Но Гоббс, выступив против схоластического словотворчества  и превратив слова в «марки», упразднил тем самым и идеальные  значения слов, а тем самым и  связь слов с вещами. Ведь слова  относятся к вещам только посредством  идеальных значений, а идеальное  значение есть не что иное, как способ обозначения, т. е. способ отнесения  данного слова к данной вещи. Слова, лишенные идеального значения, теряют связь с вещами, и сами превращаются в вещи или, как выражаются постмодернисты, в «тела». И тогда или слова  становятся частью физического мира, или весь физический мир превращается в слова. У постмодернистов происходит скорее первое, чем второе. И если Д. Беркли говорил, что мир — это  мое восприятие, а  А.Шопенгауэр утверждал, что мир — это представление, то постмодернисты считают, что мир — это говорение, «письмо».

Язык, будь то речь или «письмо», и это не является открытием постмодернистов, обладает, как было уже сказано, некоторой  степенью свободы, которая делает его  независимым от объективной логики. Эта свобода от объективной логики есть свобода от причинности. «В игре слов причинные связи распадаются, — замечает один из исследователей постмодернизма М. Саруп, — и изобилуют  ассоциации». И это действительно так. Например, круглая форма какого-то предмета может навести меня на воспоминание о коллеге, который является в философии «круглым дураком». Понятно, что переход от геометрического круга к «круглому дураку» не является логическим ни в содержательном (причинно-следственном), ни в формальном смысле. Это переход чисто «письменный», а попросту сказать, литературный, где в основе лежит творческая фантазия, воображение.

Характерно, что у истоков  постмодернистской философии находится  работа двух французских авторов  Ж.Делеза (1925-1995) и Ф. Гваттари (1930-1992) под названием «Кафка» (1975), где, в  частности, вводится термин «ризома», заимствованный из ботаники и означающий такую форму корневой системы, когда  отдельные волокна ветвятся совершенно беспорядочно, образуя причудливое  переплетение, напоминающее «мочалку». У древних греков «ризотомами» называли собирателей кореньев. А в постмодернизме этим термином уже обозначают способ, каким строится текст, «письмо». В  таком «письме» переходы как раз  и строятся не по логике, а по ассоциациям, т. е. согласно некоторому сцеплению  образов, которое достаточно произвольно.

 

 

 

 

3.Концепция деконструктивизма Ж. Дерриды

Жак Деррида (р. 1930) — сегодня  один из самых известных и популярных философов и литературоведов  не только во Франции, но и за ее пределами. Он представляет постструктуралистский  вариант постмодернизма. Как никто  другой, Деррида имеет за рубежом  своих многочисленных последователей. Разработанная им концепция деконструктивизма  получила широкое распространение  в американских университетах —  Йельском, Корнельском, Балтиморском и  др., а в первом из них с 1975 г. существует школа, именуемая «йельской критикой».

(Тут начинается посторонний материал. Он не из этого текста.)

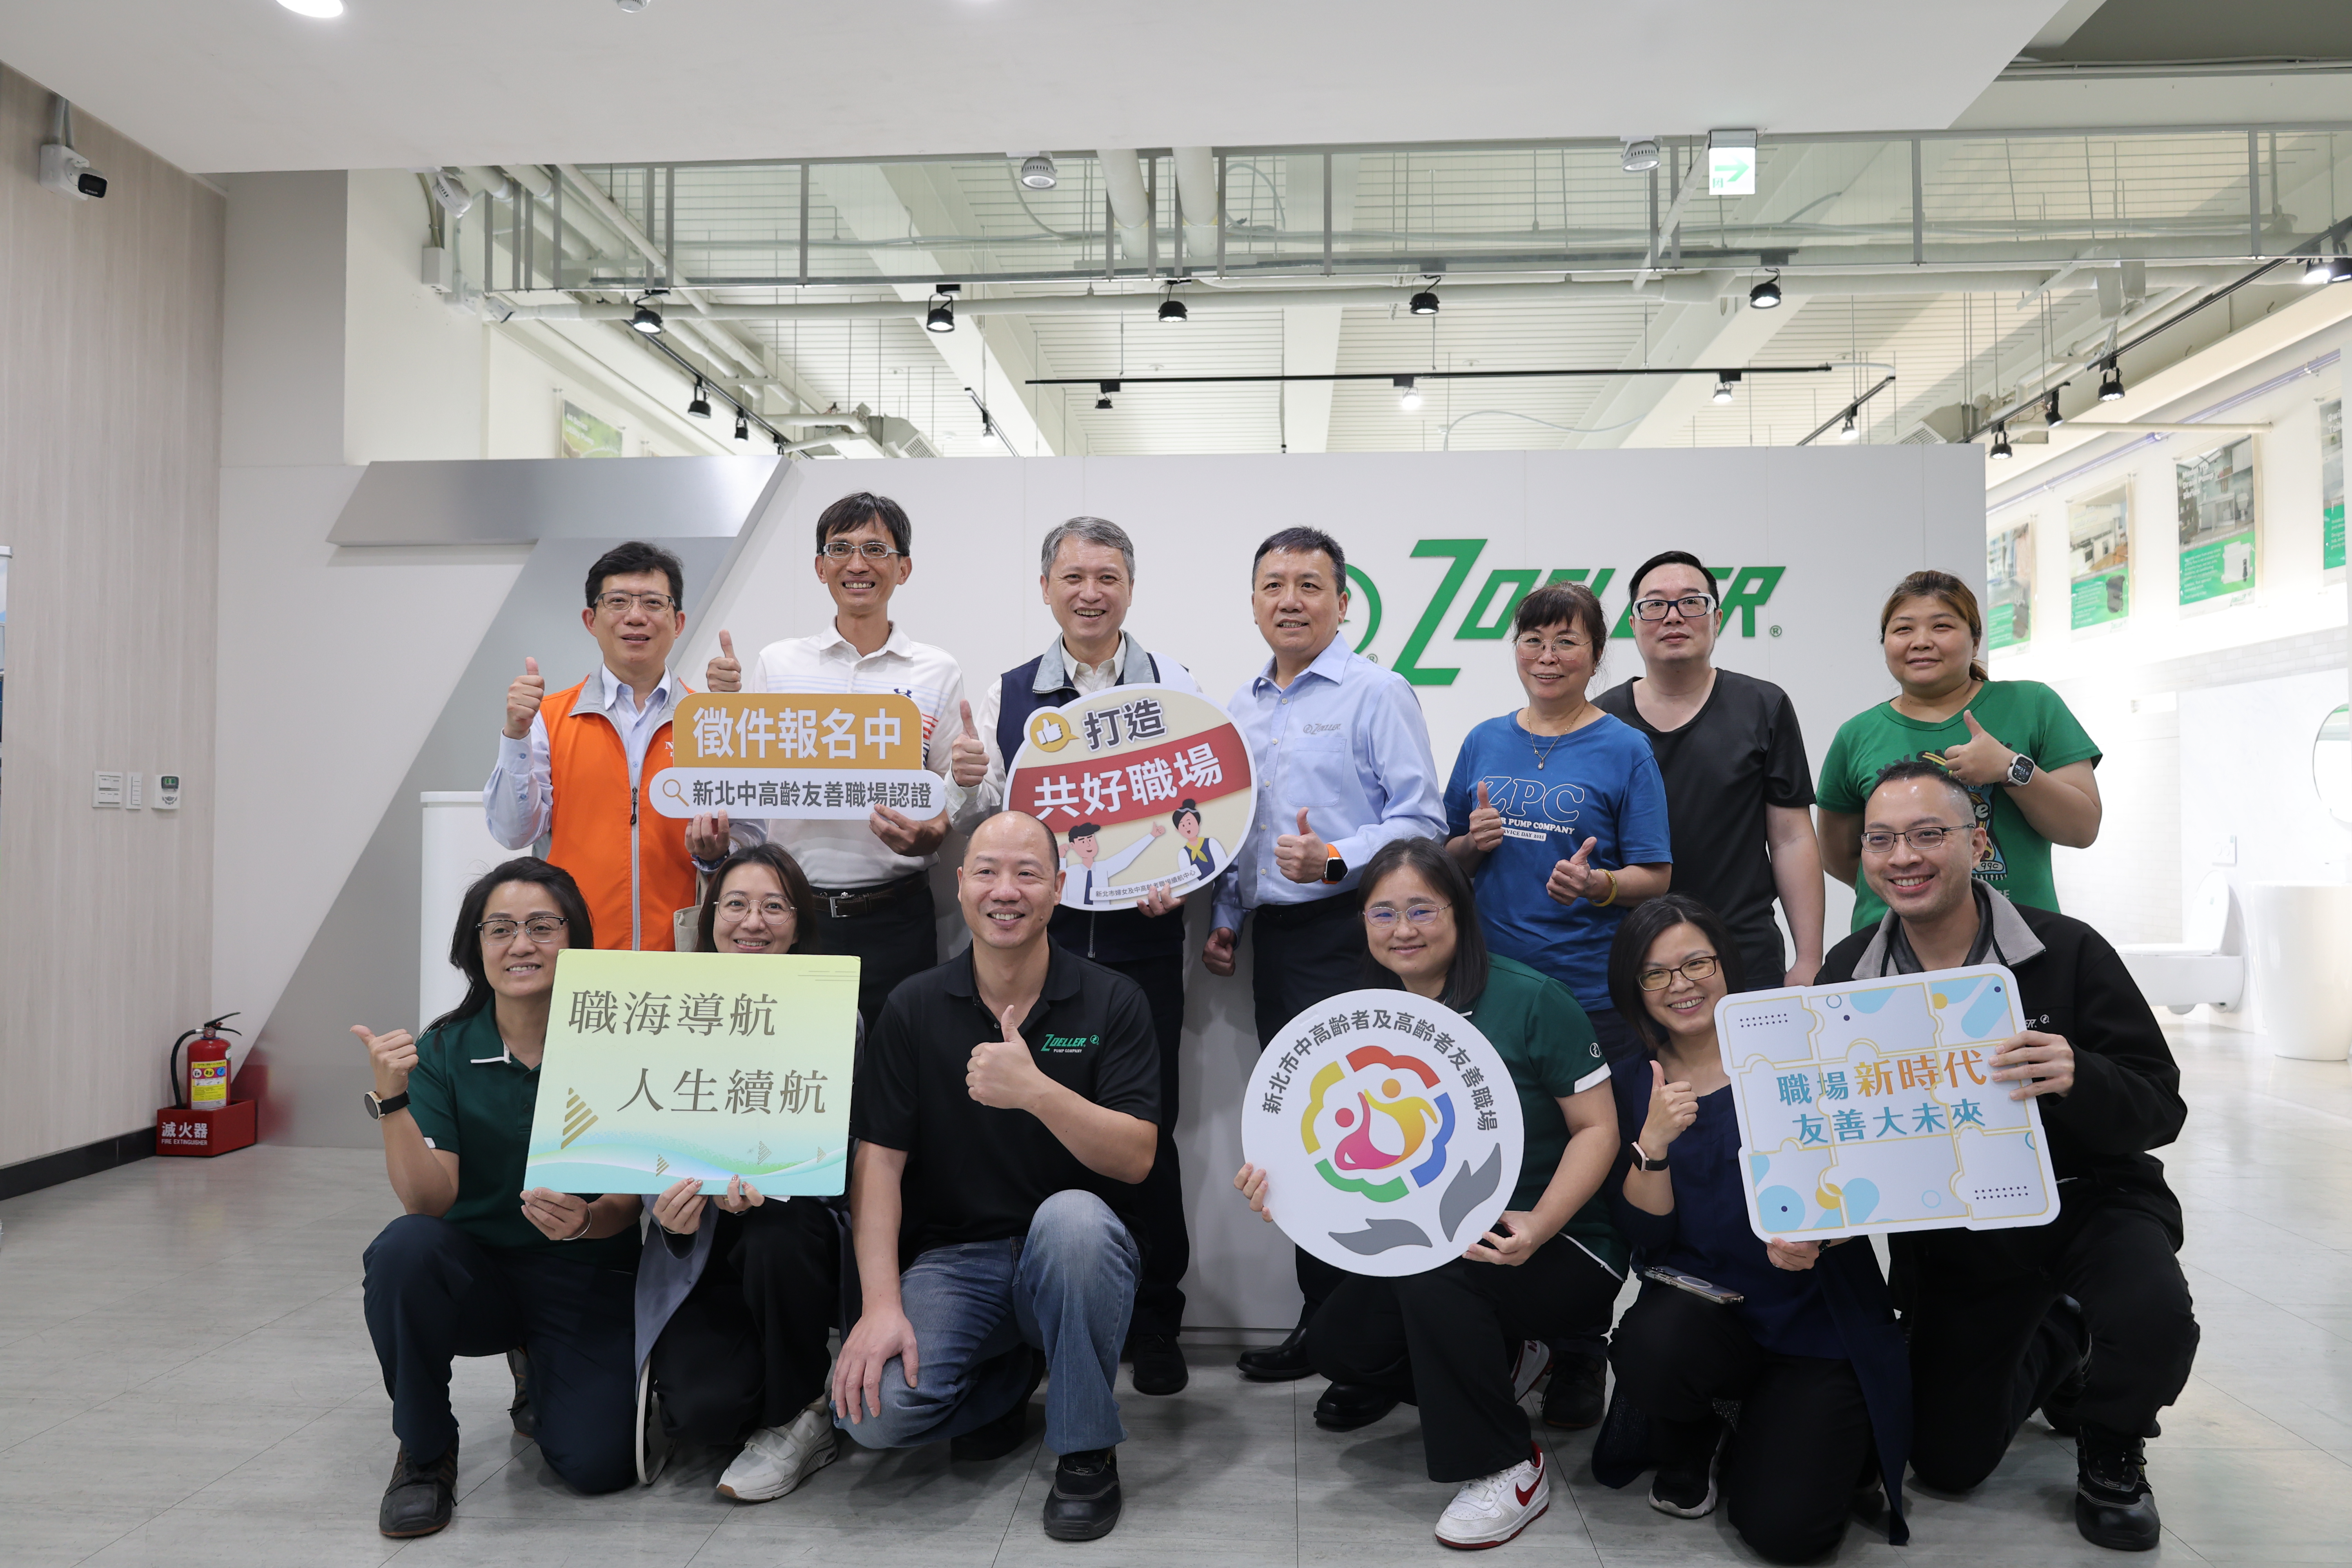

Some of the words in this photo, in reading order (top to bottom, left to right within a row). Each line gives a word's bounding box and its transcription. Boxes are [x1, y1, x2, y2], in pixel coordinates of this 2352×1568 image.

[2182, 466, 2199, 479] Model
[2182, 478, 2198, 489] Drain
[2198, 472, 2214, 483] Pump
[692, 707, 901, 759] 徵件報名中
[1085, 700, 1165, 750] 打造
[692, 780, 932, 808] 新北中高齡友善職場認證
[1033, 742, 1223, 820] 共好職場
[1475, 776, 1584, 822] ZPC
[1508, 818, 1532, 829] PUMP
[1533, 822, 1575, 835] COMPANY
[568, 990, 778, 1036] 職海導航
[1041, 1034, 1087, 1051] ZOELLER
[617, 1067, 828, 1115] 人生續航
[1262, 1009, 1498, 1131] 新北市中高齡者及高齡者友善職場
[161, 1121, 208, 1138] 滅火器

Хотя Деррида широко известен и его концепция имеет большое  влияние и распространение, она  является весьма сложной для анализа  и понимания. На это, в частности, указывает одна из его последовательниц, С. Кофман, отмечая, что его концепцию  нельзя ни кратко изложить, ни выделить в ней ведущие темы, ни тем более  понять или объяснить через некий  круг идей или же логику посылок  и выводов.

В его работах, говоря его  же словами, «скрещиваются» самые разные тексты — философские, литературные, лингвистические, социологические, психоаналитические и всякие иные, включая те, которые  не поддаются классификации. Возникающие  при этом тексты представляют собой  нечто среднее между теорией  и вымыслом, философией и литературой, лингвистикой и риторикой. Их трудно подвести под какой-либо жанр, они  не укладываются ни в какую категорию. Сам автор называет их «внебрачными», «незаконнорожденными».

Деррида известен, прежде всего, как создатель деконструктивизма. Однако таковым он стал не столько по своей собственной воле, сколько благодаря американским критикам и исследователям, которые адаптировали его идеи на американской почве. Деррида согласился с таким наименованием своей концепции, хотя он решительный противник выделения «главного слова» и сведения к нему всей концепции ради создания еще одного «-изма». Используя термин «деконструкция», он «не думал, что за ним будет признана центральная роль». Заметим, что деконструкция не фигурирует в названиях трудов философа. Размышляя над этим понятием, Деррида заметил: «Америка — это и есть деконструкция», «главная ее резиденция». Поэтому он «смирился» с американским крещением своего учения.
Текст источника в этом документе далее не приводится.